Description: In order for students to develop expertise in phylogenetic systematics and become efficient problem solvers, students must cultivate representational competency associated with tree-thinking. This lesson helps students build the fundamental skills for reading and building phylogenetic representations they are expected to develop upon completing a plant systematics or evolution course. This particular lesson uses hypothetical flowering plants to assess and instruct essential phylogenetic tree-building skills, specifically: appropriate use of evidence, identification of key tree features, understanding of significant patterns, transferability across representations, and ability to verbally describe depicted relationships.

 

Goals and Objectives: This lesson explicitly addresses and helps overcome the following challenges associated with phylogenetic tree building:

  1. Lumping organisms based on single characteristics rather than looking holistically at the organisms.
  2. Ignoring critical data & using uninformative evidence to construct phylogenetic trees.
  3. Difficulties transferring empirical data into a visual representation illustrating evolutionary relationships.
  4. Creating consensus nodes to address discrepancies.
  5. Altering the format or orientation of the tree alters the relationships depicted.
  6. Generating a comb-like branching structure without incorporating hierarchical

lineages.

  1. Using trees to reconstructing ancestral states.
  2. Identifying the most likely tree by comparing representations

 

This two-class period Pseudocots lesson has been used with secondary and post-secondary students.
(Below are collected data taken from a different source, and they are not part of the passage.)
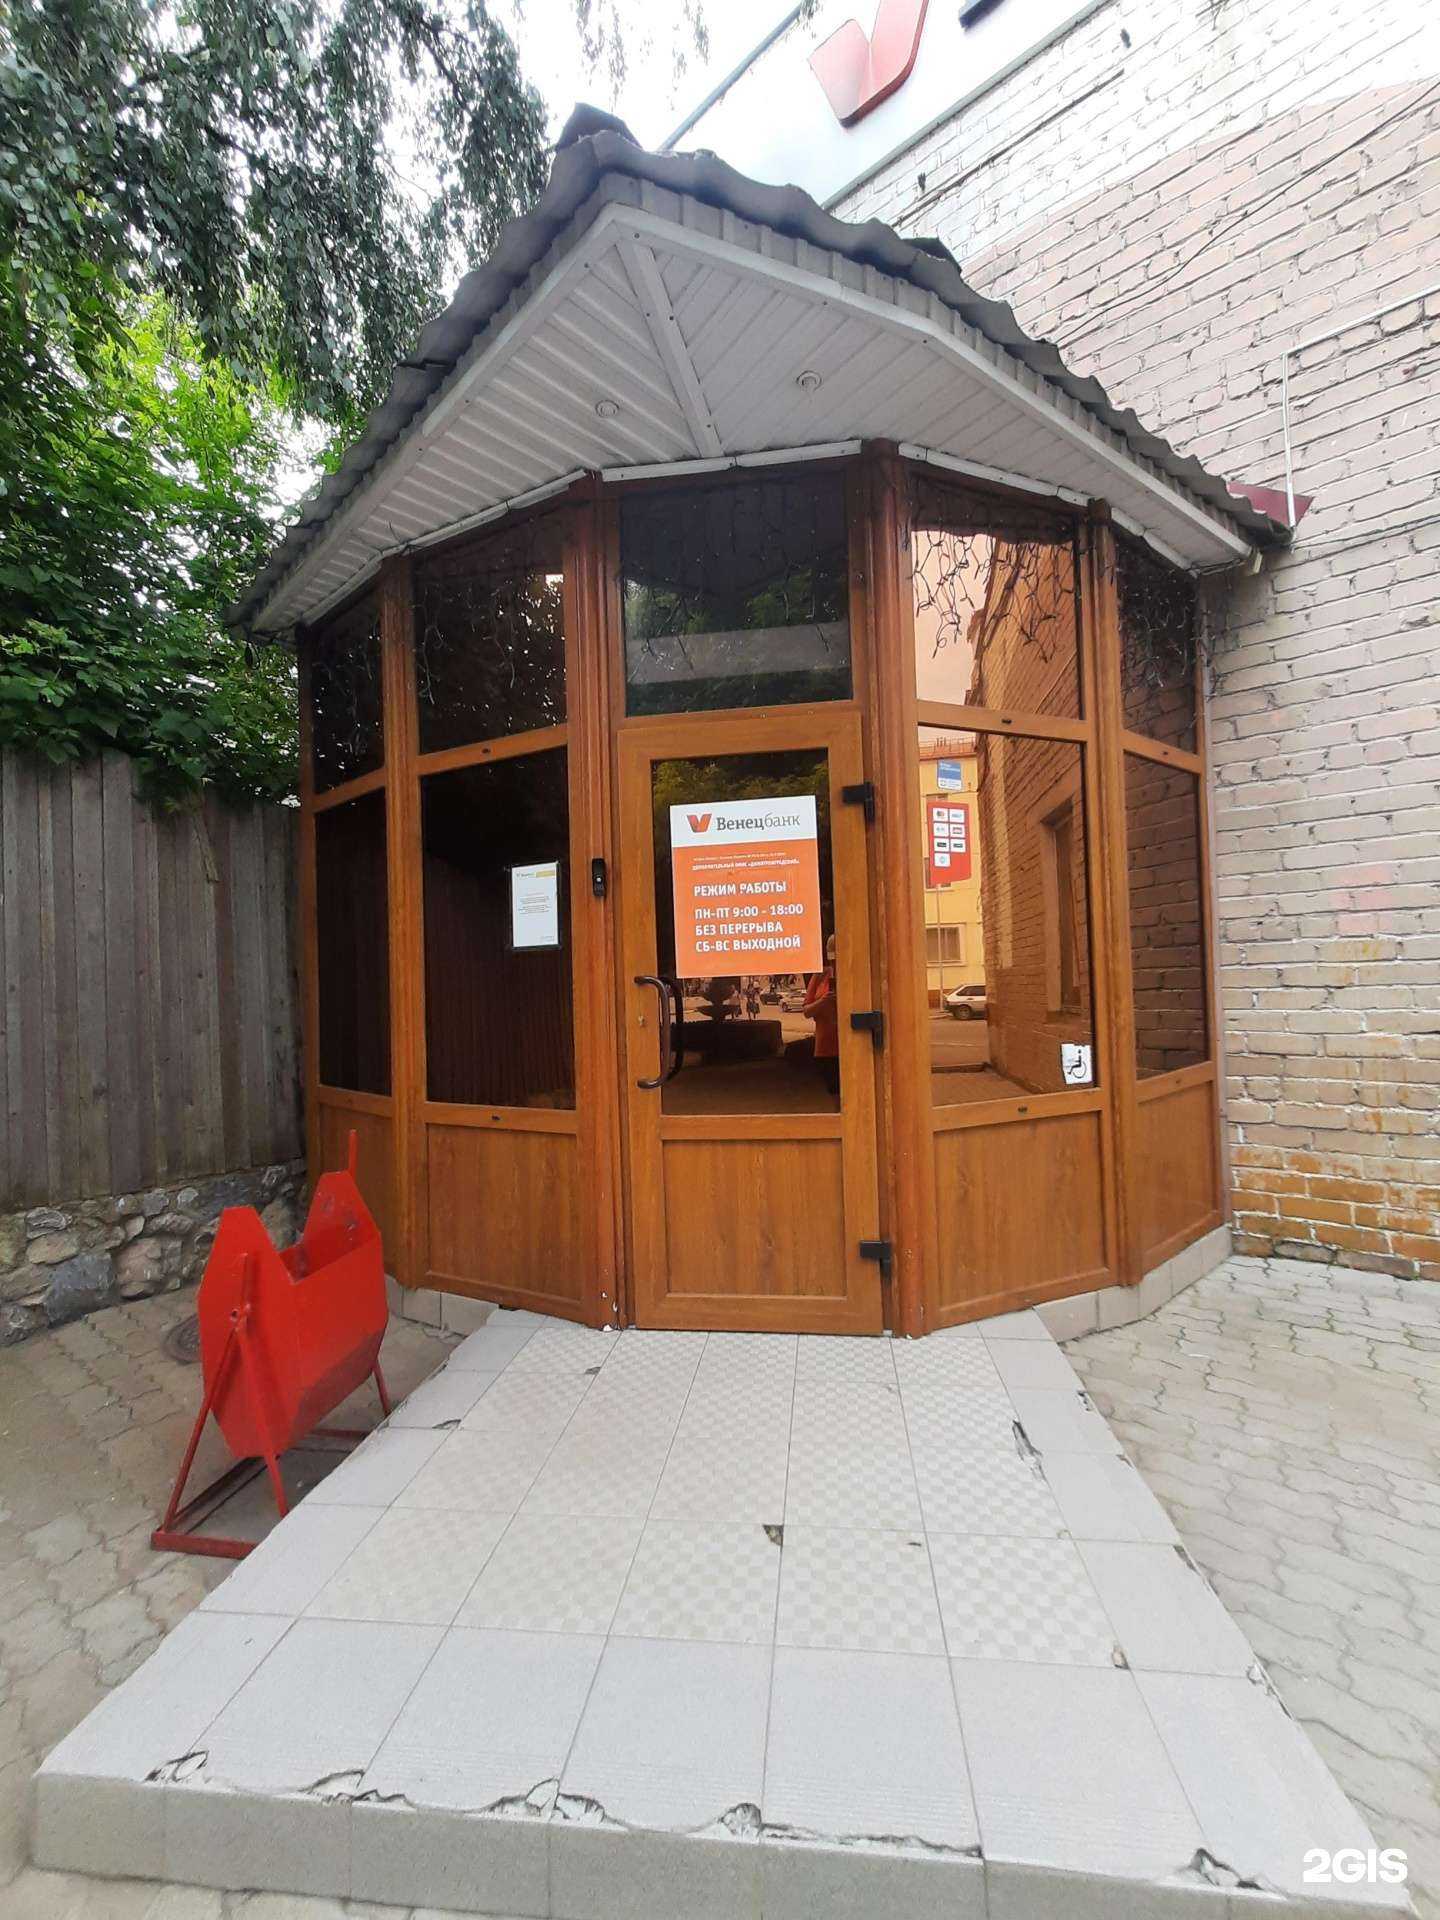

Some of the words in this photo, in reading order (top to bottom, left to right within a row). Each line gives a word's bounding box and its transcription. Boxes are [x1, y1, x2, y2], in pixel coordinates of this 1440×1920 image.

[716, 813, 800, 831] Венецбанк
[694, 883, 736, 897] РЕЖИМ
[740, 881, 787, 895] РАБОТЫ
[695, 907, 730, 920] ПН-ПТ
[732, 906, 758, 918] 9:00
[770, 903, 804, 916] 18:00
[695, 924, 716, 936] БЕЗ
[720, 921, 783, 935] ПЕРЕРЫВА
[695, 940, 730, 953] СБ-ВС
[734, 934, 800, 951] ВЫХОДНОЙ
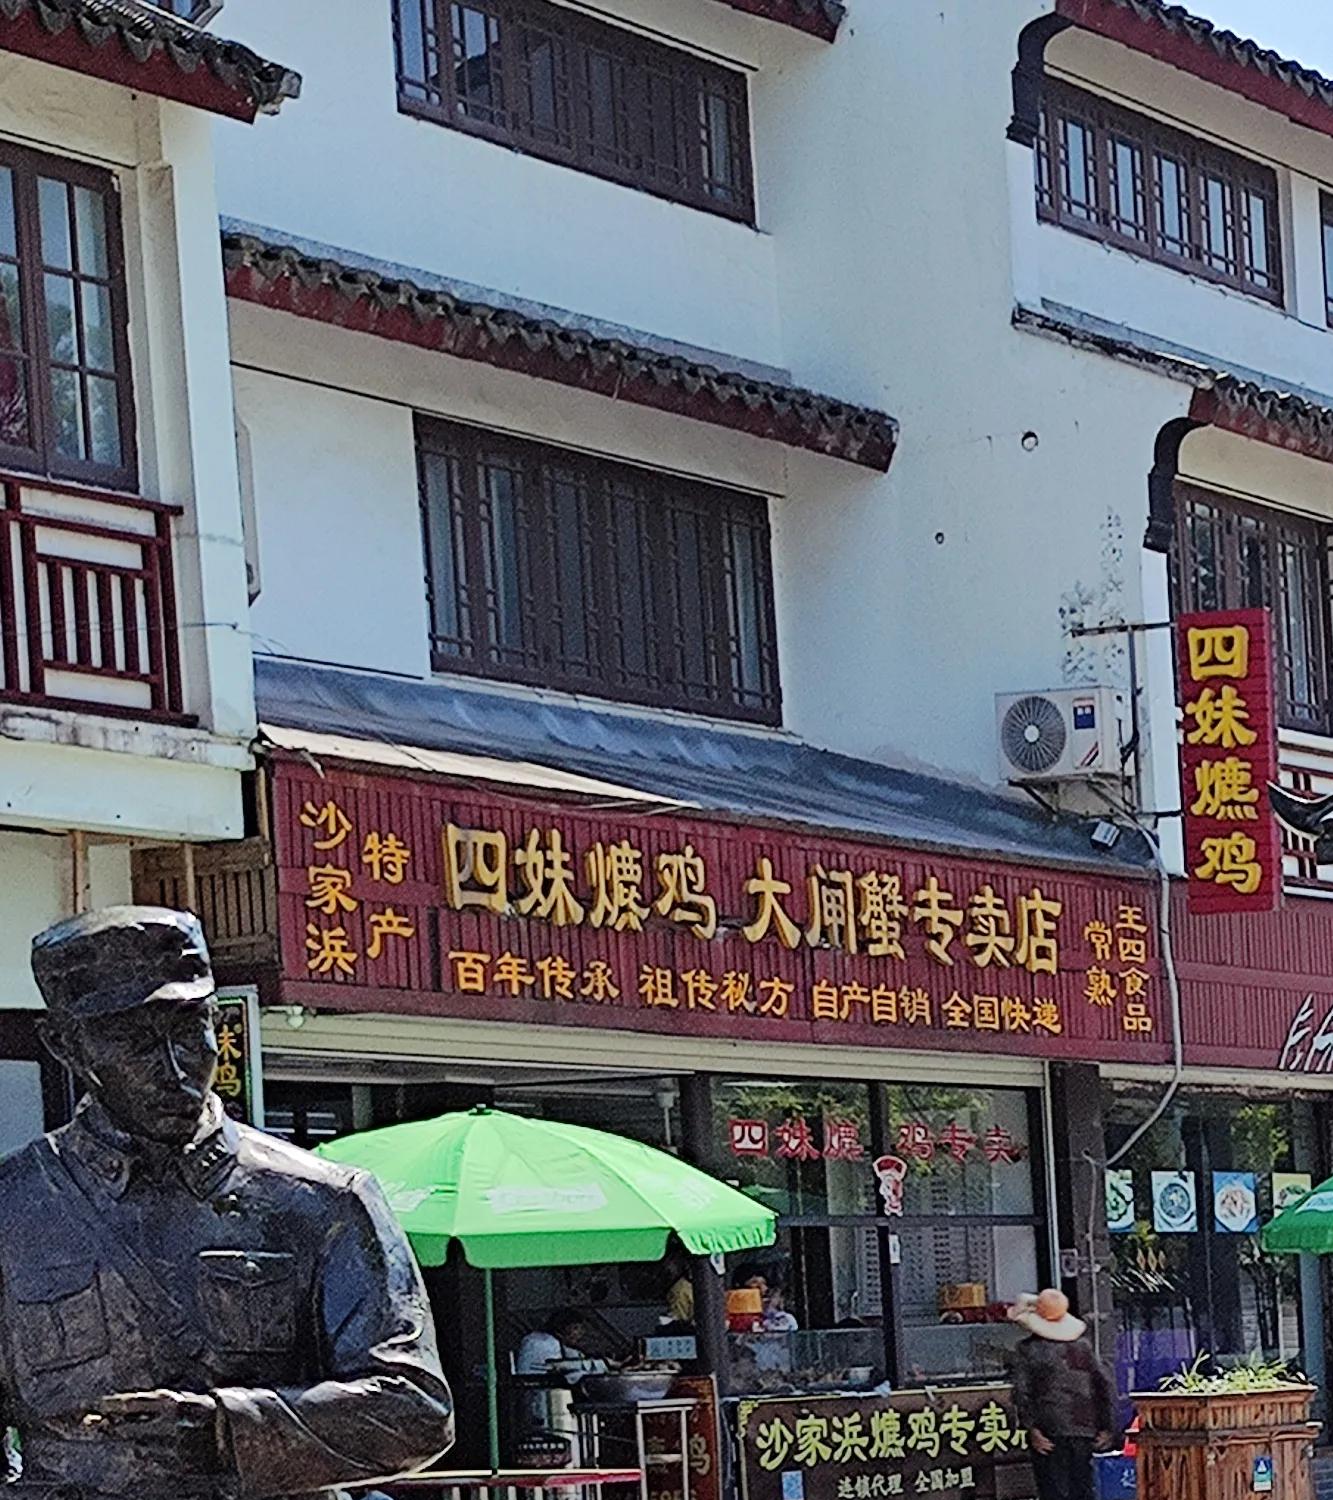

Students engaged in tasks such as: selecting appropriate data sources to group taxa into monophyletic groups (clades), constructing a phylogenetic tree representing these clades, adjusting the representation to incorporate new taxa, comparing their tree to other hypotheses, and forming predictions about historic and future character states.

 

Objectives:

  • Students will be able to identify informative data that can be used to build a phylogeny.
  • Students will be able to generate a phylogenetic tree from hypothetical data.
  • Students will be able to alter phylogenetic models to accommodate new data.
  • Students will be able to compare phylogenetic trees and determine how different models provide support or dispute their phylogeny.

 

It helps if students are familiar with reading phylogenetic trees prior to this lesson. Thus, I suggest that the Pipe Cleaner Phylogeny lesson (Halverson, K.L. (2010). Using pipe cleaners to bring the tree of life to life. The American Biology Teacher, 72(4), 223-224. doi: http://dx.doi.org/10.1525/abt.2010.72.4.4) or similar tree-reading unit be implemented prior to this lesson. It is also helpful to make sure students are familiar with the following terms:

Apomorphy – a derived character state unique to one lineage

Branch – illustrates the different lineages after speciation events

Character - a specific heritable trait described in terms of its state

Consensus Tree (or node) - a phylogenetic tree derived by combining common features in multiple trees, often leading to undefined relationship hierarchies of sister taxa.

Internode - a shared lineage between speciation events

Lineage - a continuous line of decent

Monophyletic (Clade) - a grouping of a common ancestor and all of the descending lineages

Node - a hypothetical common ancestor or speciation event

Outgroup - a distantly related species that resides outside of the clade of interest

Pseudocot - hypothetical flowering plant clade

Phylogenetic tree - an evolutionary tree (shows relationships among organisms)

 

This lesson is very dependent upon the timing of when data is introduced to the students. Thus, it is important to be aware of when to hand out the different portions of supplementary data or unintended outcomes may result. To implement this lesson, you will need copies of provided student worksheets, supplementary data, scissors, and it is helpful to have colored pencils or markers.